2. Patients who would go on to develop dementia were more likely to have unhealthier diets in later life.
Evidence Rating Level: 2 (Good)
Study Rundown: Dementia is an irreversible cause of cognitive decline that occurs during aging, and the lack of effective treatments to reverse or slow the progression of dementia necessitate better preventative strategies. Diet has been shown to impact other chronic diseases, and it is unclear if healthier diets during midlife may slow or prevent dementia pathogenesis. In this prospective cohort study over a median of nearly 25 years, there was no association between a healthier diet in midlife and dementia risk compared to unhealthier diets. Patients who would go on to develop dementia had less healthy diets in the later years before dementia diagnosis, suggesting a decrease in diet quality in the pre-clinical period of cognitive decline.

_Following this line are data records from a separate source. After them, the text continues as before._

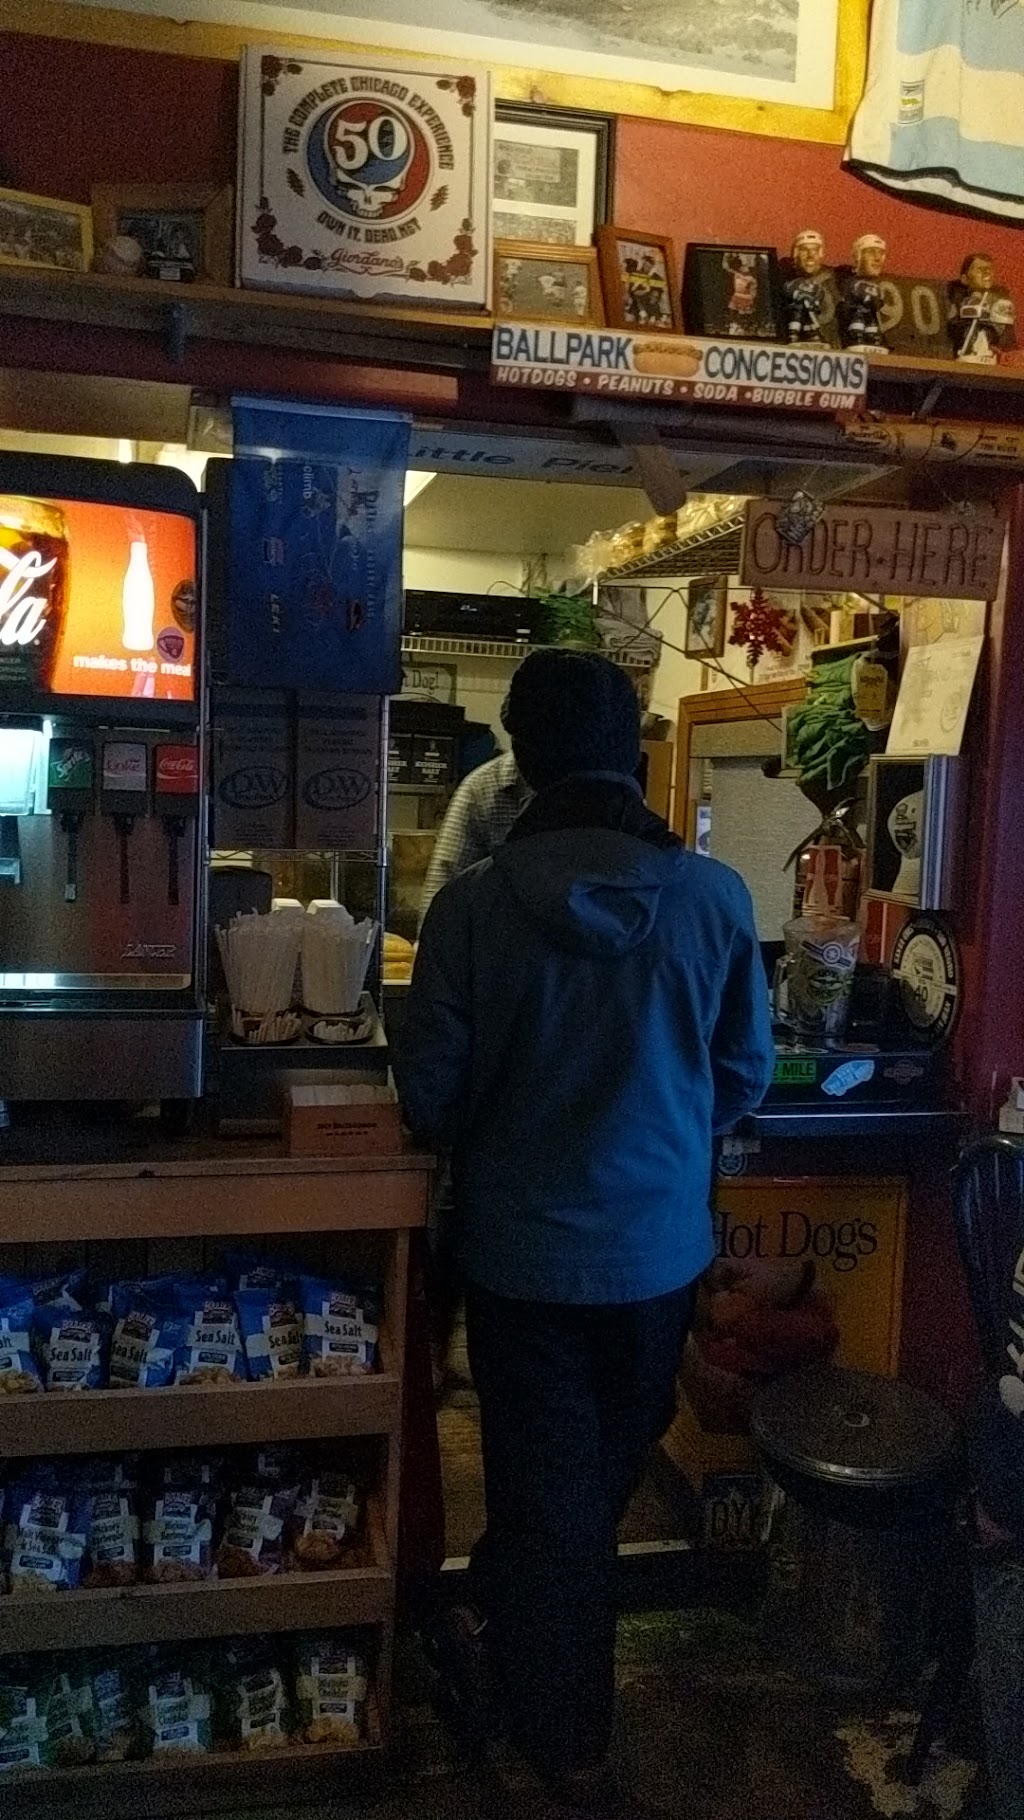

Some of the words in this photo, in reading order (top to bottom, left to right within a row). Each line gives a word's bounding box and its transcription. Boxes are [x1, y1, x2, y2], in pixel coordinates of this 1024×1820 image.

[351, 76, 409, 100] CHICAGO
[289, 78, 348, 127] COMPLETE
[283, 126, 299, 154] THE
[333, 115, 408, 170] 50
[407, 93, 454, 170] EXPERIENCE
[317, 210, 345, 235] OWN
[496, 327, 633, 370] BALLPARK
[704, 345, 865, 389] CONCESSIONS
[496, 366, 577, 387] HOTDOGS
[600, 374, 674, 396] PEANUTS
[693, 382, 738, 402] SODA
[752, 387, 813, 407] BUBBLE
[819, 394, 856, 409] GUM
[891, 521, 994, 588] HERE
[73, 655, 127, 671] makes
[130, 657, 158, 673] the
[784, 1062, 814, 1076] MILE
[777, 1211, 877, 1272] Dogs
[196, 1329, 213, 1343] Sea
[216, 1330, 235, 1345] Salt
[268, 1335, 287, 1349] Sea
[324, 1321, 340, 1334] Sea
[342, 1325, 362, 1337] Salt
[51, 1348, 69, 1361] Sea
[71, 1348, 92, 1361] Salt

Though this study provides compelling evidence, given its rigor of design and over two decades of follow-up, the study is limited to non-causal associations between diet and dementia. In addition, it is unclear if certain subpopulations, such as those with midlife co-morbidities including heart disease and diabetes, would have decreased dementia risk with healthier diets.

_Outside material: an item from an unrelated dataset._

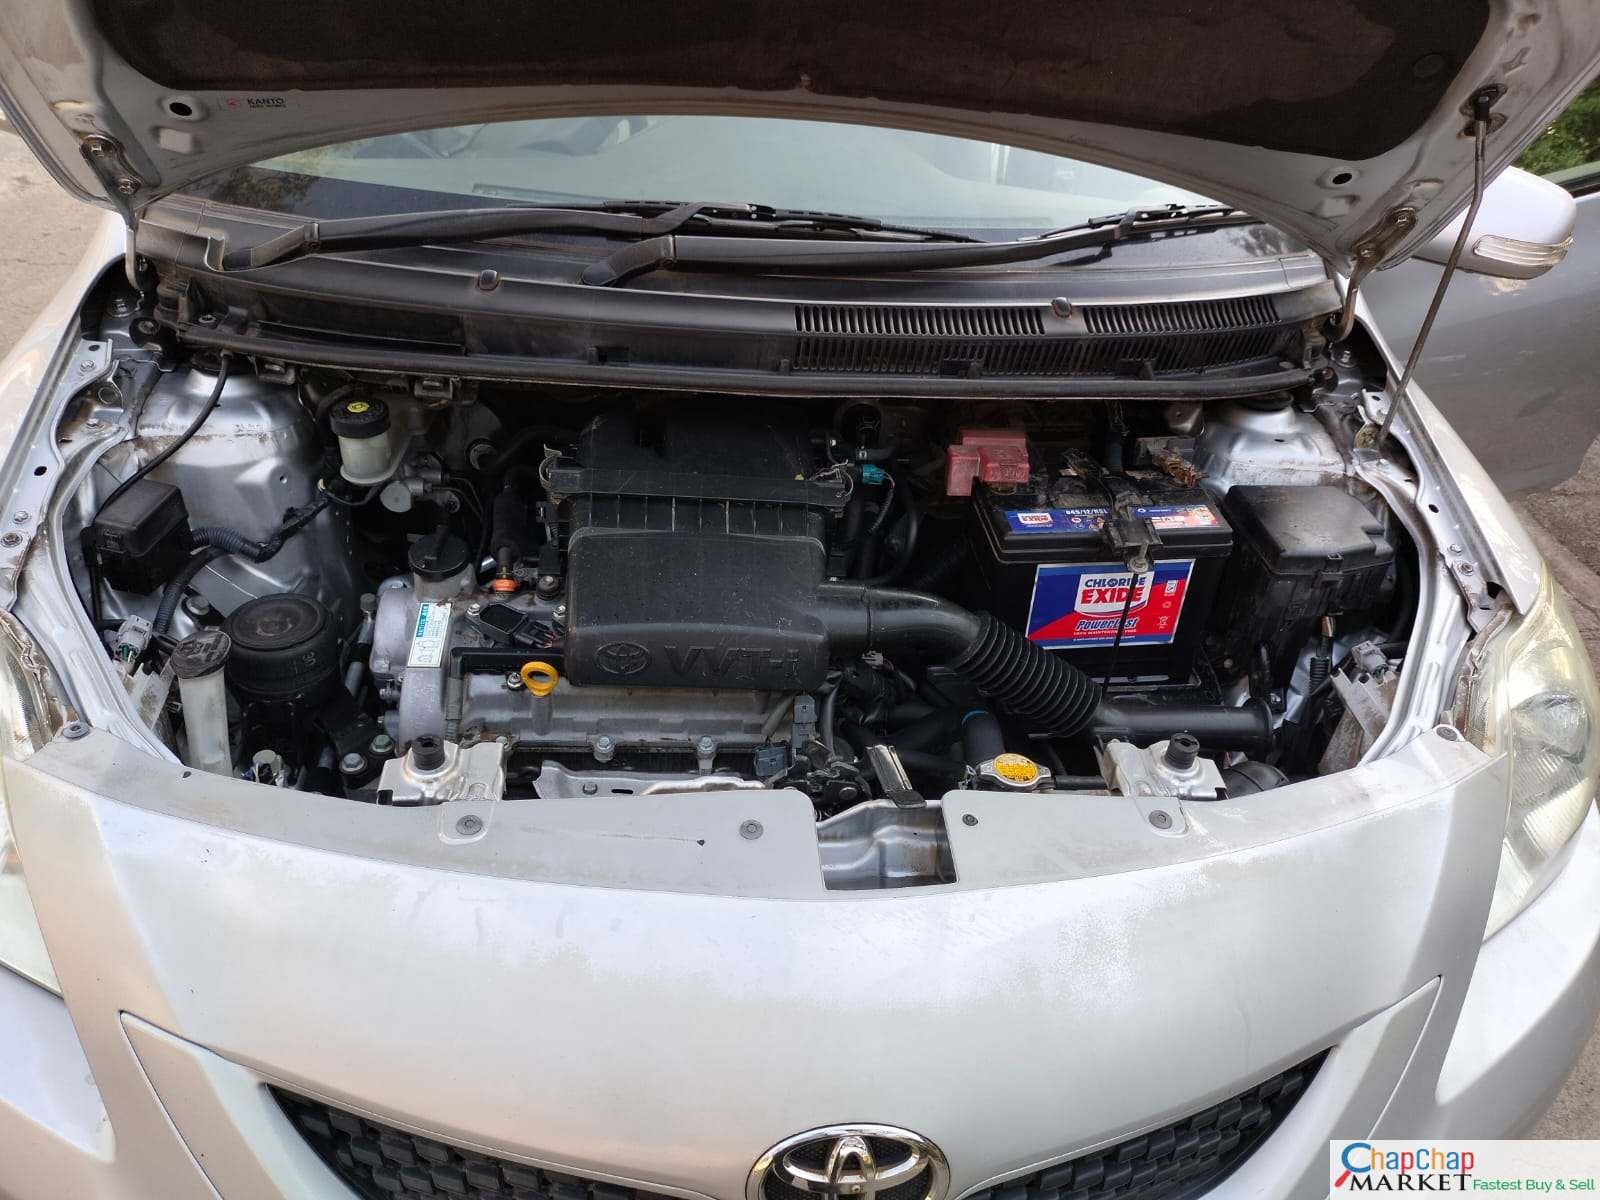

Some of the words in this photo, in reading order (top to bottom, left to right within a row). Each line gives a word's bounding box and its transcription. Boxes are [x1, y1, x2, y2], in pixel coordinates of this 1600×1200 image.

[1084, 576, 1146, 588] CHLORIE
[1081, 587, 1145, 604] EXIDE
[1076, 617, 1139, 631] PowerLst

Click to read the study in JAMA
Relevant Reading: Dietary patterns and risk of dementia in an elderly Japanese population: the Hisayama study
In-Depth [prospective cohort]: Out of 10,308 civil servants in London, UK from the study start in 1985 to 1988, 8225 were assessed in 1991to 1993 and 5544 in 1997 to 1999. Study follow-up ended in 2017. Dietary intake was assessed with a Food Frequency Questionnaire (FFQ) in 1991 to 1993, 1997 to 1999, and 2002 to 2004 and was used to compile the Alternative Healthy Eating Index (AHEI), a metric of overall diet quality. Participants at the most extreme ends of the calorie intake spectrum (>3500 or <500 kcal women; >4200 kcal or <800 men) were excluded. There was no significant effects of age or sex on analyses (p = 0.17), and so these subgroups were not analyzed separately. There were no significant differences in the incidence of dementia between the top and bottom AHEI tertile recorded in 1991 to 1993, 1997 to 1999, or 2002 to 2004 (p > 0.05). In 1991 to 1993, the absolute difference in dementia incidence between the top and bottom AHEI tertiles was 0.04 per 1000 person-years (CI95 -0.42 to 0.51); 0.14 in 1997 to 1999 (CI95 -0.58 to 0.85); -0.73 in 2002 to 2004 (CI95 -1.67 to 0.22). For dietary exposures in 2002 to 2004, a higher AHEI score was associated with a lower incidence of dementia when controlling for age, sex, race, total energy intake, sociodemographic, and behavioral factors (adjusted hazard ratio per 1 SD increment 0.86; CI95 0.75 to 0.99). Those with dementia had reduced AHEI scores during the last 10 years of follow-up compared to those without (between group mean difference -1.26; CI95 -2.49 to -0.04). The mean decline in cognitive z-score over the 18-year follow-up period was -0.74 (CI95 -0.73 to -0.76) and was not associated with AHEI score (p = 0.23) or western diet (p = 0.62). A higher AHEI in 1997 to 1999 was associated with greater cognitive decline in 2015 to 2016 (difference in cognitive function per 1 SD -0.03; CI95 -0.01 to -0.05).